* Collected data:
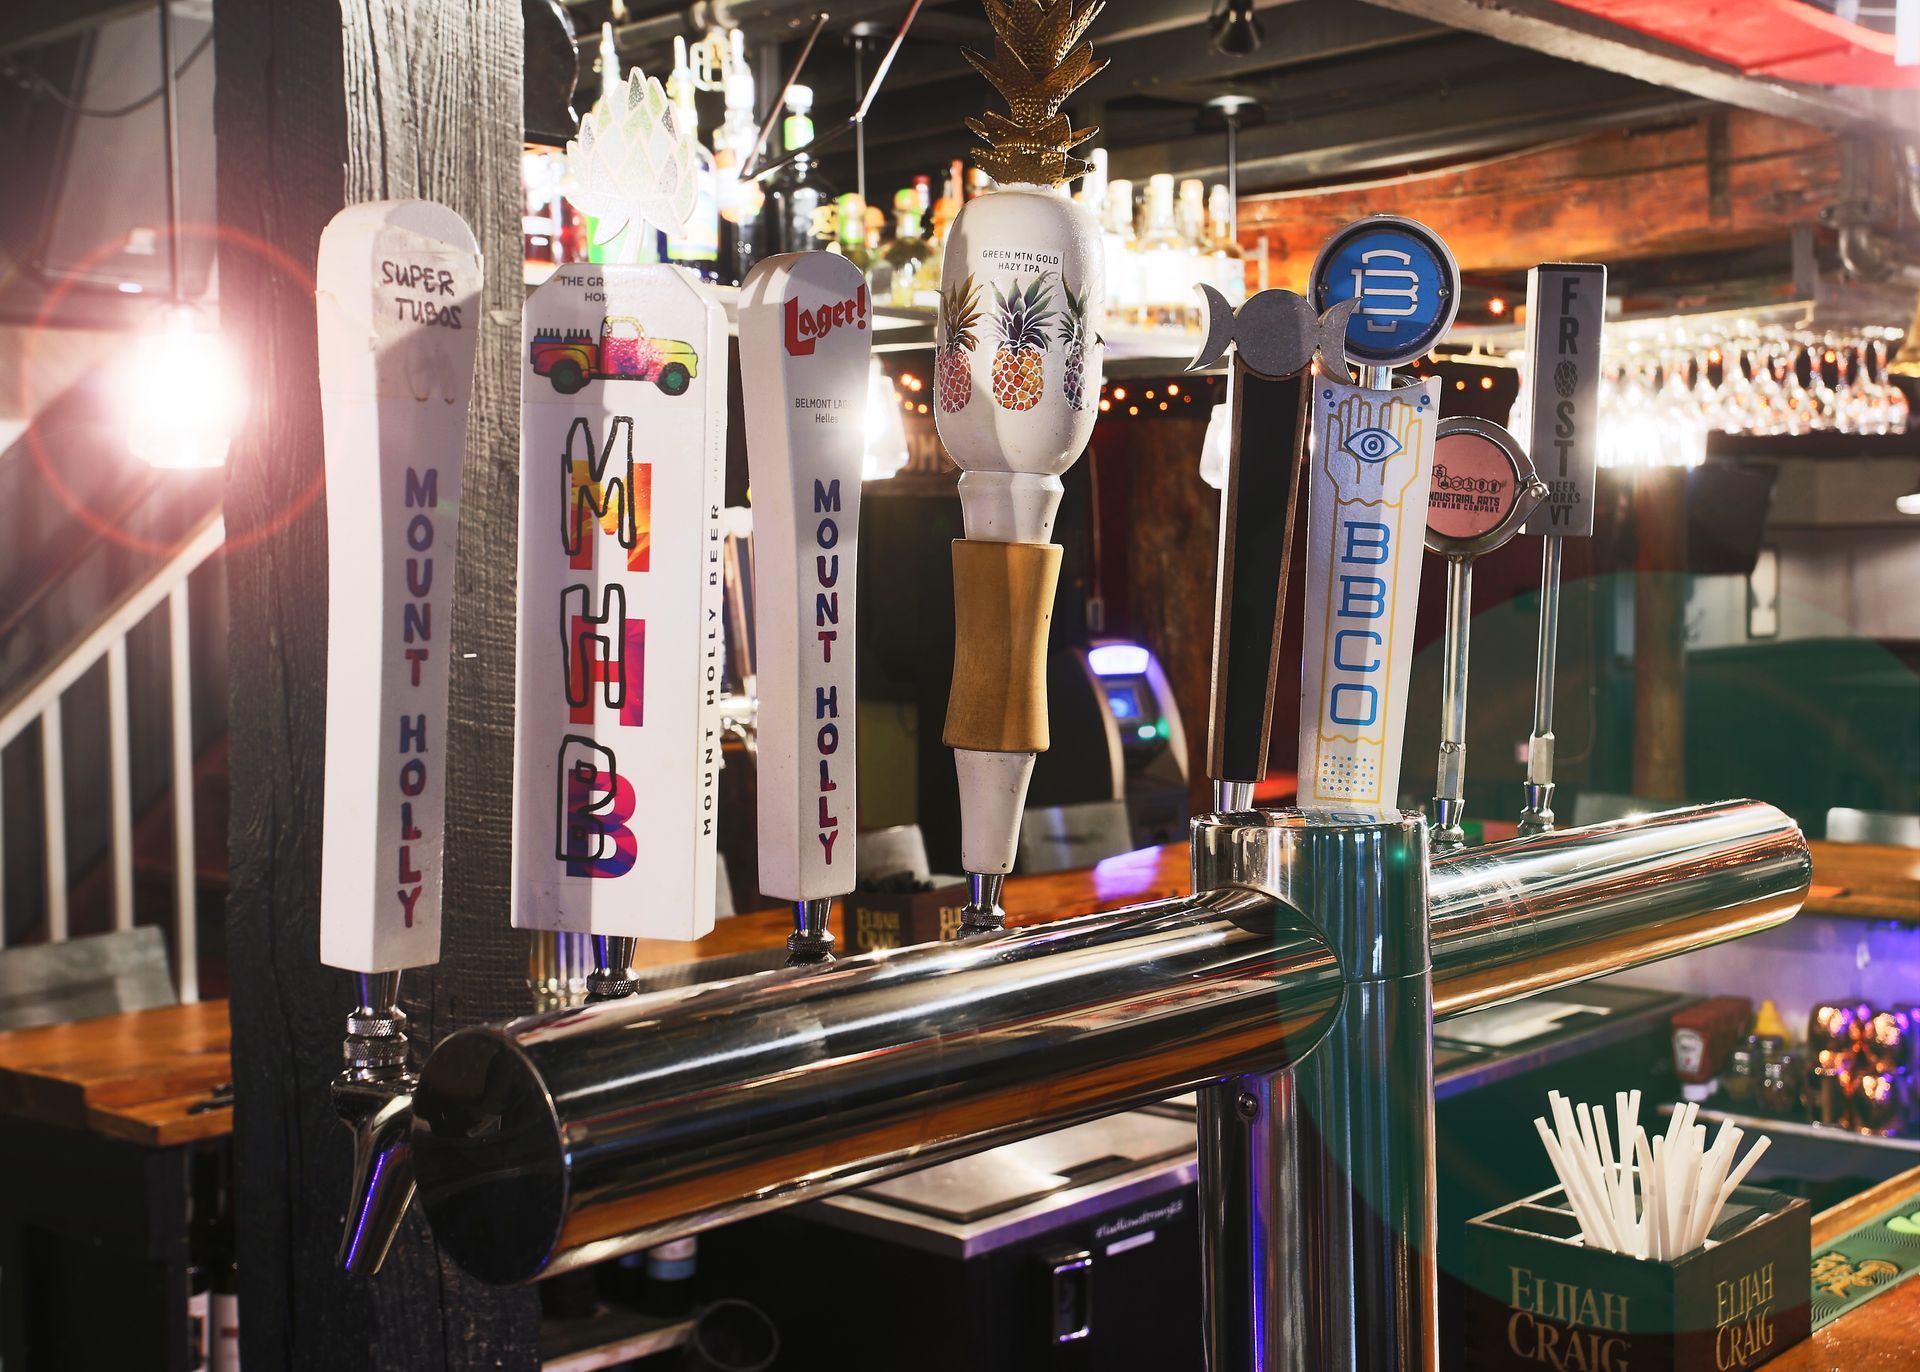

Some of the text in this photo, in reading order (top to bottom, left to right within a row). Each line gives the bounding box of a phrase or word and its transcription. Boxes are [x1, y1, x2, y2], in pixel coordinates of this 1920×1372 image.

[382, 260, 455, 296] SUPER
[560, 276, 584, 287] THE
[982, 249, 1059, 265] GREEN MTN GOLD
[998, 262, 1041, 273] HAZY IPA
[395, 297, 462, 330] TUBOS
[784, 283, 866, 356] Lager!
[795, 398, 831, 409] BELMONT
[815, 413, 839, 424] Helles
[1429, 491, 1500, 507] NDUSTRIAL ARTS
[1550, 505, 1573, 526] VT
[709, 504, 719, 587] BEER
[1330, 521, 1390, 727] BBCO
[706, 608, 717, 706] HOLLY
[813, 478, 842, 866] MOUNT HOLLY
[398, 467, 438, 929] MOUNT HOLLY
[703, 728, 714, 837] MOUNT
[1508, 1265, 1631, 1334] ELIJAH
[1716, 1262, 1775, 1328] ELIJAH
[1507, 1311, 1630, 1372] CRAIG
[1716, 1305, 1776, 1371] CRAIG

* How to complete this task: The records above are to be copied exactly, without their pictures.

* Answer section:
Some of the text in this photo, in reading order (top to bottom, left to right within a row). Each line gives the bounding box of a phrase or word and its transcription. Boxes are [x1, y1, x2, y2], in pixel coordinates of this 1920×1372 image.

[382, 260, 455, 296] SUPER
[560, 276, 584, 287] THE
[982, 249, 1059, 265] GREEN MTN GOLD
[998, 262, 1041, 273] HAZY IPA
[395, 297, 462, 330] TUBOS
[784, 283, 866, 356] Lager!
[795, 398, 831, 409] BELMONT
[815, 413, 839, 424] Helles
[1429, 491, 1500, 507] NDUSTRIAL ARTS
[1550, 505, 1573, 526] VT
[709, 504, 719, 587] BEER
[1330, 521, 1390, 727] BBCO
[706, 608, 717, 706] HOLLY
[813, 478, 842, 866] MOUNT HOLLY
[398, 467, 438, 929] MOUNT HOLLY
[703, 728, 714, 837] MOUNT
[1508, 1265, 1631, 1334] ELIJAH
[1716, 1262, 1775, 1328] ELIJAH
[1507, 1311, 1630, 1372] CRAIG
[1716, 1305, 1776, 1371] CRAIG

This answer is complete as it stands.